"Wherever we go, across the Pacific or Atlantic, we meet, not similarity so much as 'the bizarre'. Things astonish us, when we travel, that surprise nobody else"
About this Quote
Travel, Beard suggests, is less a passport stamp than a confrontation with your own assumptions. Her point isn’t that foreign places are inherently strange; it’s that strangeness is relational. What reads as “bizarre” to the visitor is simply the local default setting, the kind of ordinary no one bothers to notice until an outsider stumbles over it.
The line works because it flips the usual travel narrative. Instead of promising revelation about “them,” Beard frames travel as a diagnostic test for “us.” The astonishment is a self-report: a record of what your home culture trained you to treat as natural, inevitable, even moral. When those habits stop being shared, your mind labels the mismatch “bizarre” to defend its own normality. That single quoted word - the bizarre - reads like a warning label on the traveler’s gaze: you are about to confuse difference with absurdity.
As a historian, Beard is also writing against the comforting idea that progress, civilization, or “human nature” looks the same everywhere. Her era (early 20th century, with mass tourism expanding and American global power rising) produced plenty of confident generalizations about other societies. Beard punctures that confidence. The subtext is methodological: if you want to understand another place, start by distrusting your first reaction. Surprise is evidence, but it’s evidence about the observer’s frame, not the observed world.
It’s a tidy rebuke to cultural arrogance, delivered without sermonizing: the joke is on the traveler, and the punchline is their own shock.

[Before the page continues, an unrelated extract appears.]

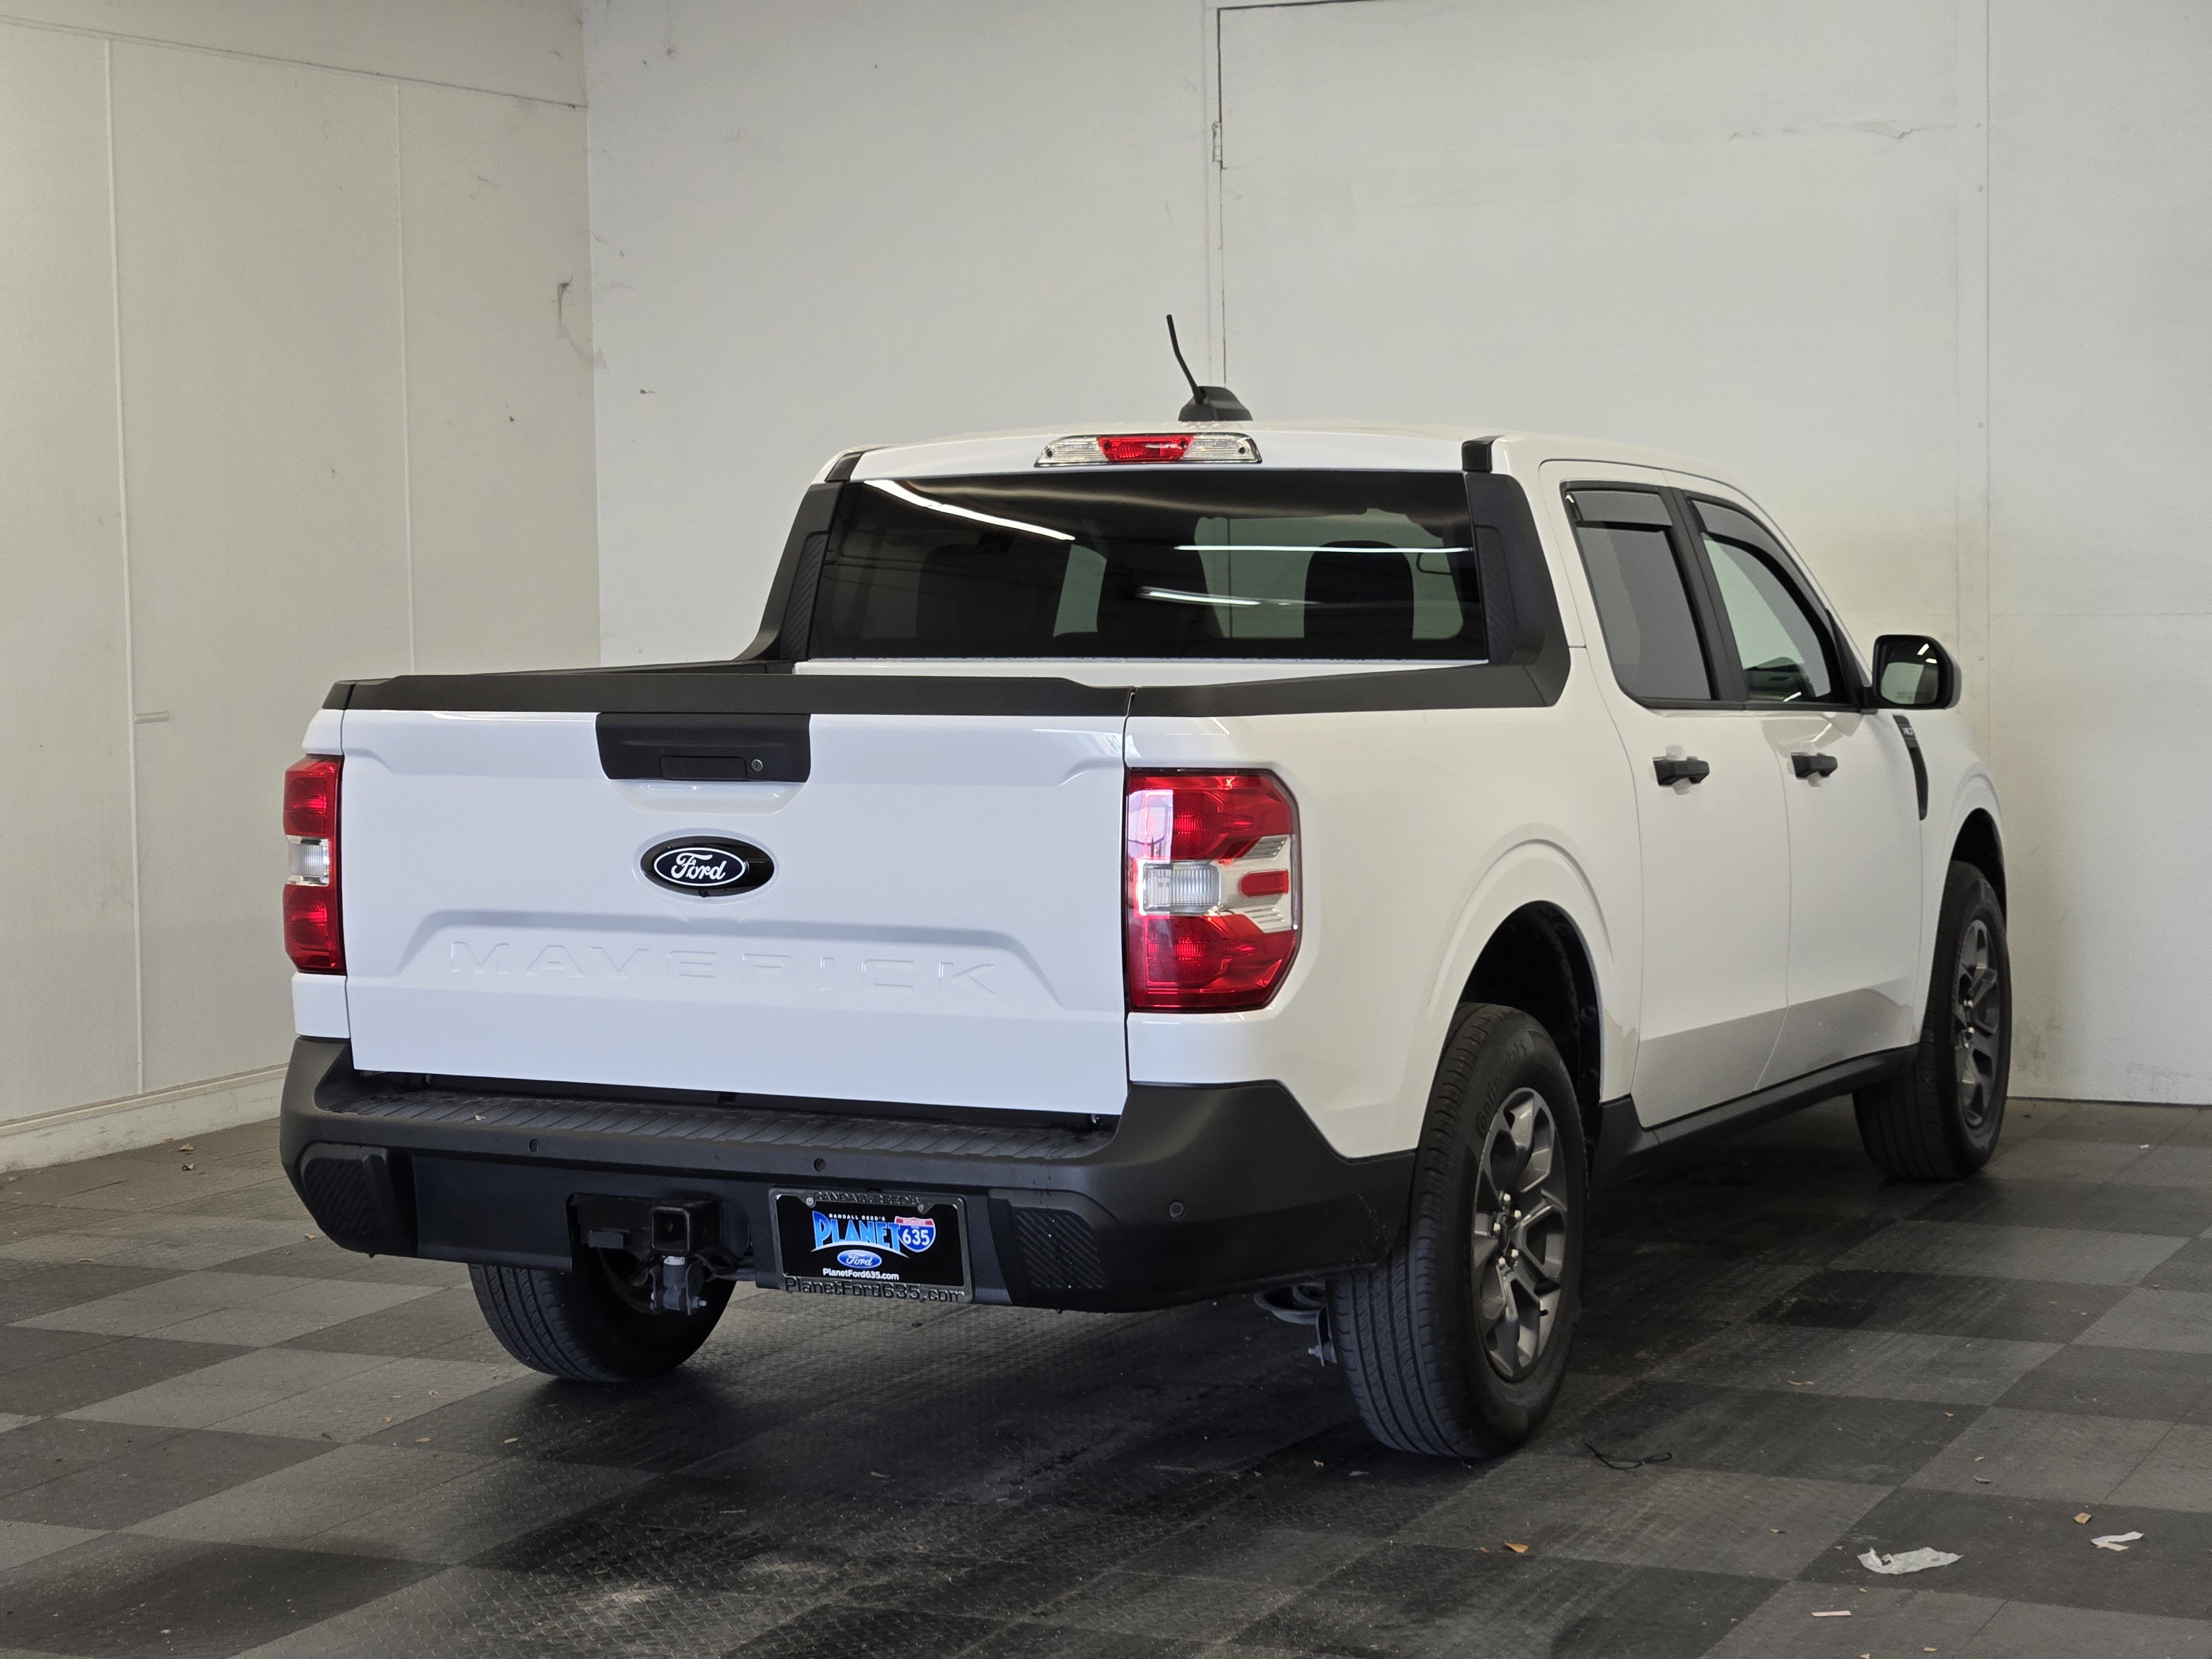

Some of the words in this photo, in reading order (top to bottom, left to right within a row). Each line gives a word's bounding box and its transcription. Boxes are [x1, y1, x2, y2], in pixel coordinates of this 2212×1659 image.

The line works because it flips the usual travel narrative. Instead of promising revelation about “them,” Beard frames travel as a diagnostic test for “us.” The astonishment is a self-report: a record of what your home culture trained you to treat as natural, inevitable, even moral. When those habits stop being shared, your mind labels the mismatch “bizarre” to defend its own normality. That single quoted word - the bizarre - reads like a warning label on the traveler’s gaze: you are about to confuse difference with absurdity.
As a historian, Beard is also writing against the comforting idea that progress, civilization, or “human nature” looks the same everywhere. Her era (early 20th century, with mass tourism expanding and American global power rising) produced plenty of confident generalizations about other societies. Beard punctures that confidence. The subtext is methodological: if you want to understand another place, start by distrusting your first reaction. Surprise is evidence, but it’s evidence about the observer’s frame, not the observed world.
It’s a tidy rebuke to cultural arrogance, delivered without sermonizing: the joke is on the traveler, and the punchline is their own shock.